Before launching Waterboy, cofounder Mike Xhaxho had a hunch that something was missing in the hydration-packet space. But he needed market validation to confirm that there was an audience for his idea—different formulations for exercise, hangovers, and daily use, each with its own concentration of electrolytes and vitamins.
So Mike set up a TikTok account to gauge whether there was any interest. The account led to a landing page for lead generation.
“With the right messaging in place, we wanted to see if people would care. If yes, then, we know we’re onto something,” he says on an episode of Shopify Masters.
When that first video received more than 100,000 views and his follower count grew to 7,000, he knew he was on the right track.
Market validation can confirm a product idea and reveal overlooked obstacles, like low market demand. The market validation process gives you valuable insights into your customer’s needs that can help you go to market successfully. Here’s what you need to know.
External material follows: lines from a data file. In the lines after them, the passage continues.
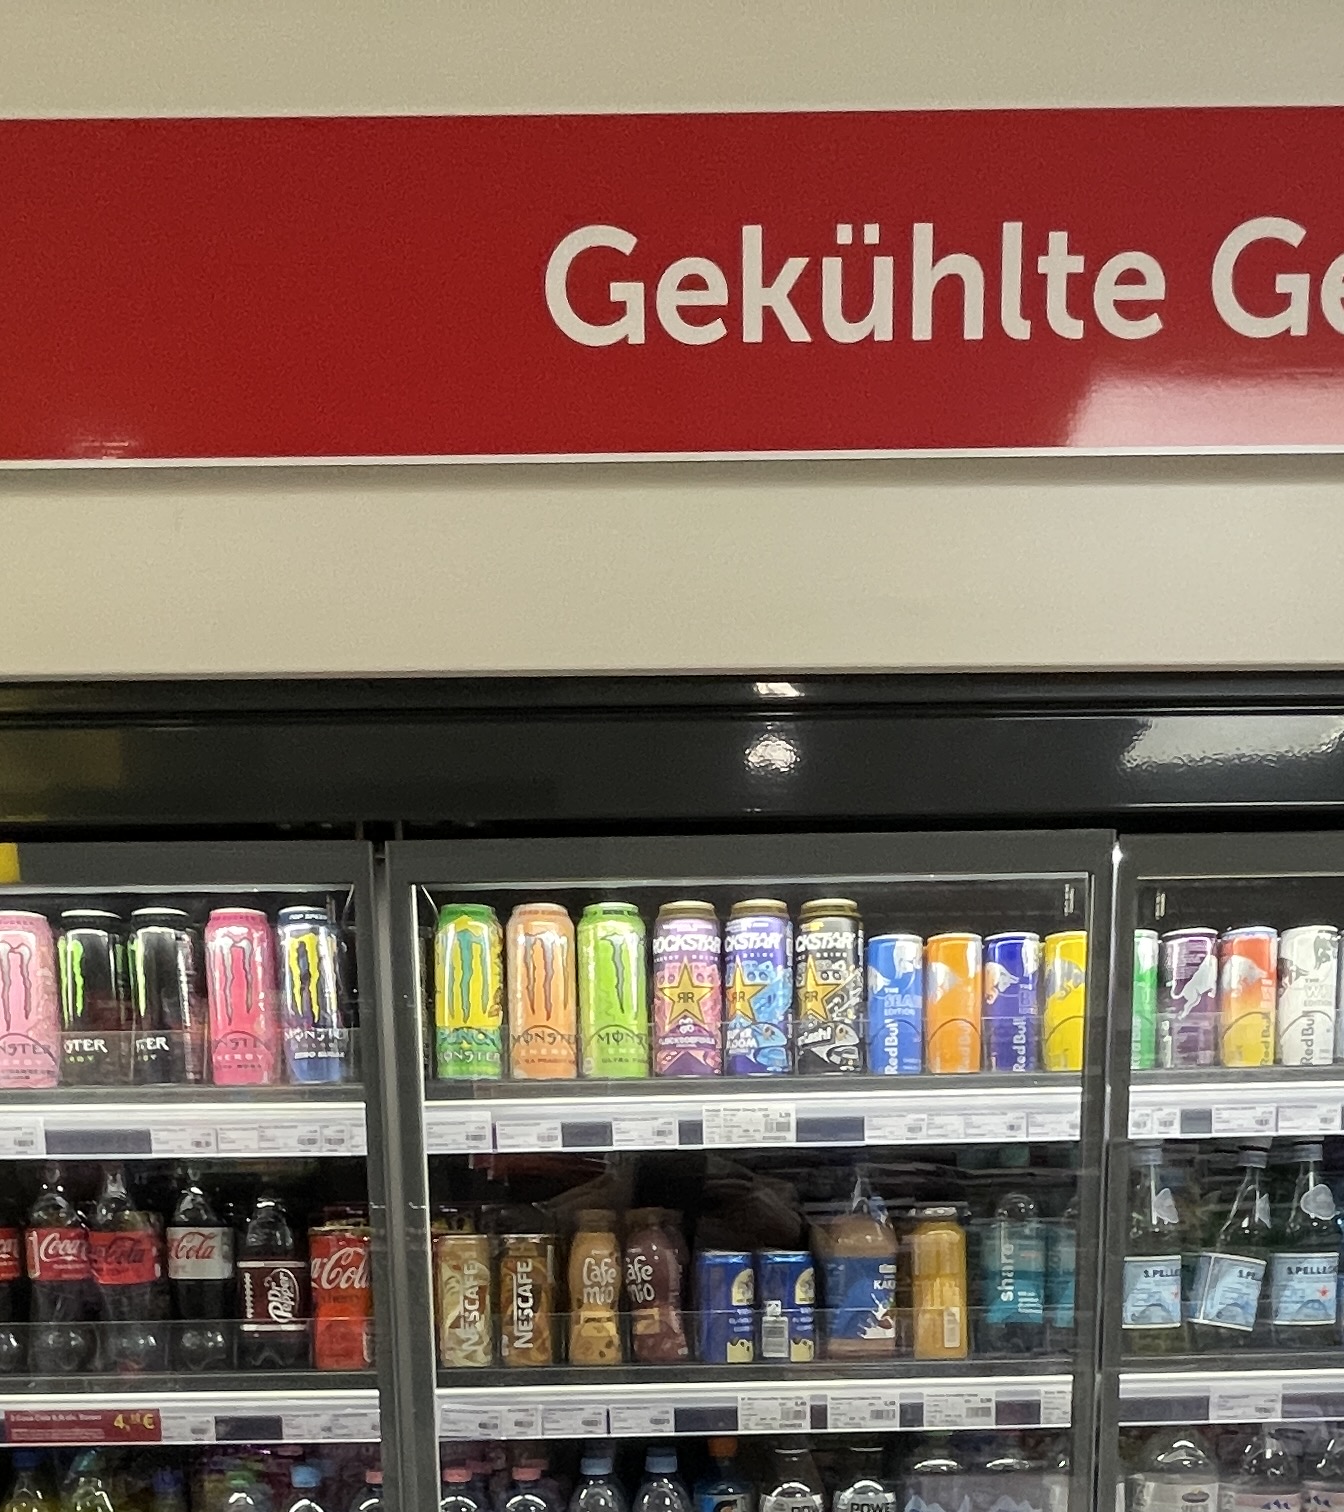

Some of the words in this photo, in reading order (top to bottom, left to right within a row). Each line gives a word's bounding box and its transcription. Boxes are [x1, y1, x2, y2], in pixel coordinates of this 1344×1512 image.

[545, 222, 1164, 346] Gekühlte
[884, 1018, 899, 1049] Bull
[884, 1049, 898, 1075] Red
[1300, 1037, 1314, 1066] Red
[997, 1243, 1014, 1302] share
What is market validation?
Market validation is a method used to determine how a solution might fare in the marketplace among a target demographic. The process is typically done through in-depth interviews, online surveys, or focus groups, and it can reveal how the target consumer may—or may not—like a proposed business idea.
Most market validation research is conducted early, before the product development process begins, to gauge an idea’s potential before investing time and money in marketing and testing.
Your market research can tell you potential customers’ needs and the problems they’d like to solve.
The goal of market validation is to get honest feedback from potential users or buyers in your target market.
Market validation vs. product validation
Market validation and product validation are related concepts, but they are not the same thing. Market validation verifies that there’s a need for your solution in the market.
Product validation, on the other hand, is the process of determining whether your product can fulfill that need. This research can help you determine your product’s price point.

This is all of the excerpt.